But, to be honest, it’s not even that much work…

2 Likes

Haha, when I have 5 chains with 250K parameters I’m happy if rhat finishes in several minutes :P

1 Like

@betanalpha thanks for another lucid explanation of this stuff

So just to recap the “Fraction of Missing Information” name, and make sure I have this right:

  • FMI was originally applied in the context of multiple imputation, where it refers to the ratio of the sampling variation of some summary statistic \theta between imputations (the between-imputation variance) to the sampling variation across imputations (the total variance).
  • Implicit in the above is a within-imputation variance component. Thus, the in the multiple imputation context FMI quantifies the fraction of “information” (sensu lato, I think?) about the sampling distribution for \theta that is missing from the sampling distribution that we observe for a single imputation.
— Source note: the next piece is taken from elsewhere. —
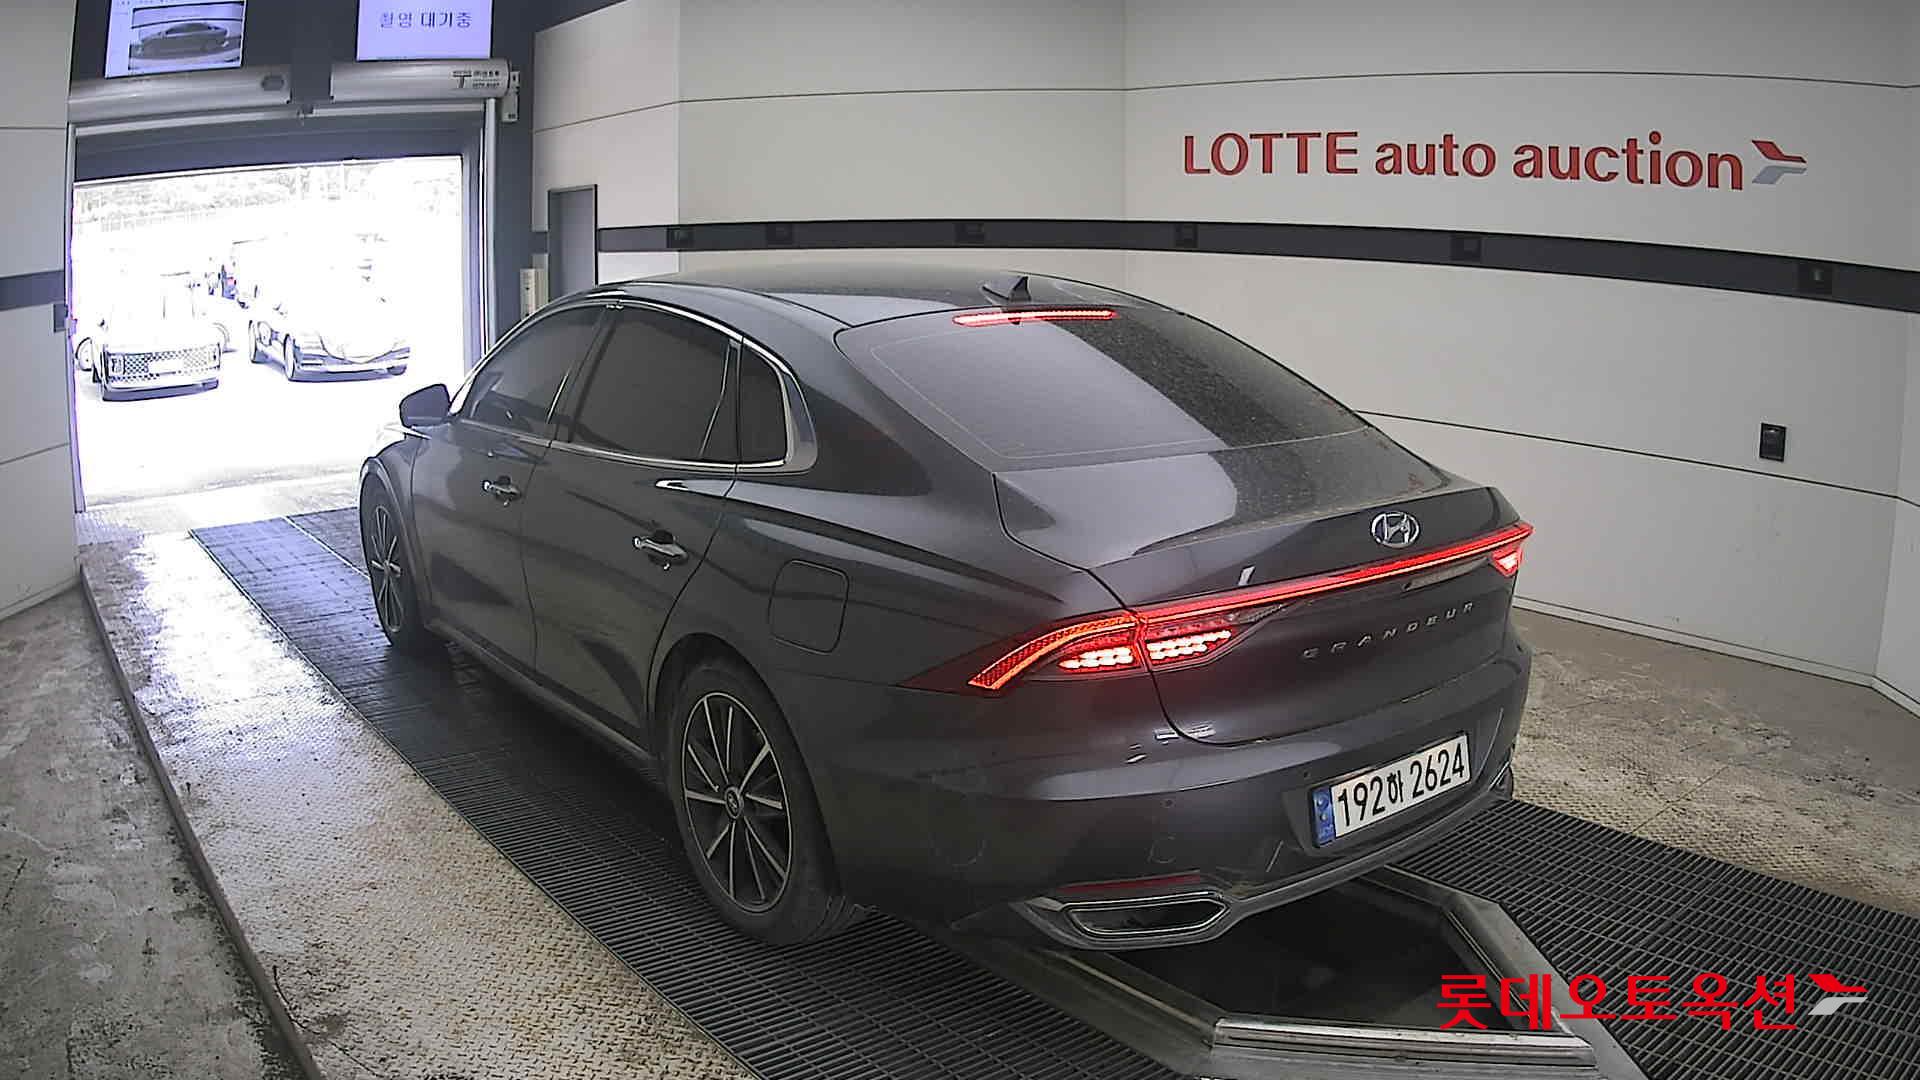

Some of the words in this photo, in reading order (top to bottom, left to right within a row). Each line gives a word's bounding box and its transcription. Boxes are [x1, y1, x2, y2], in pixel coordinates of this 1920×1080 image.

So that’s where the name comes from.
  • In the energy-FMI context, we are looking at the ratio of the variance in energy transitions \Sigma_{resampling} compared to the total variance in energy \Sigma_{total}.
  • But for some reason the appropriate formulation for the e-FMI variance ratio involves a formulation for \Sigma_{resampling} that is conceptually and/or mathematically equivalent to the between-imputation variance component above, and not the within-imputation component.
  • Thus, we are stuck calling the case where \Sigma_{resampling} is high a “high e-FMI”.

Is that (at least approximately) correct?

@jsocolar @Funko_Unko FYI I’m working on during-sampling redirection of outputs to a storage format that should make the computation of diagnostics far faster

2 Likes

Anything not csv/text based is probably an improvement, isnt it?

Edit: Though, much of the time should be spent computing anyways.

1 Like

Hi,
without pretending I understand the technical part very well, I think the user confusion (why “low missing information” is bad) could be easily handled by just using “E-BFMI” or “BFMI” without actually expanding the acronym in all messages and short-form documentation. Instead of explaining the acronym we would just explain what the diagnostic (roughly) tells you. I.e. use “E-BFMI” the same way we use “R-hat” - we also don’t explain why it is called “R-hat”. Interested readers then may be redirected to more detailed treatment that explains the name and - more importantly - the math (as we do with R-hat).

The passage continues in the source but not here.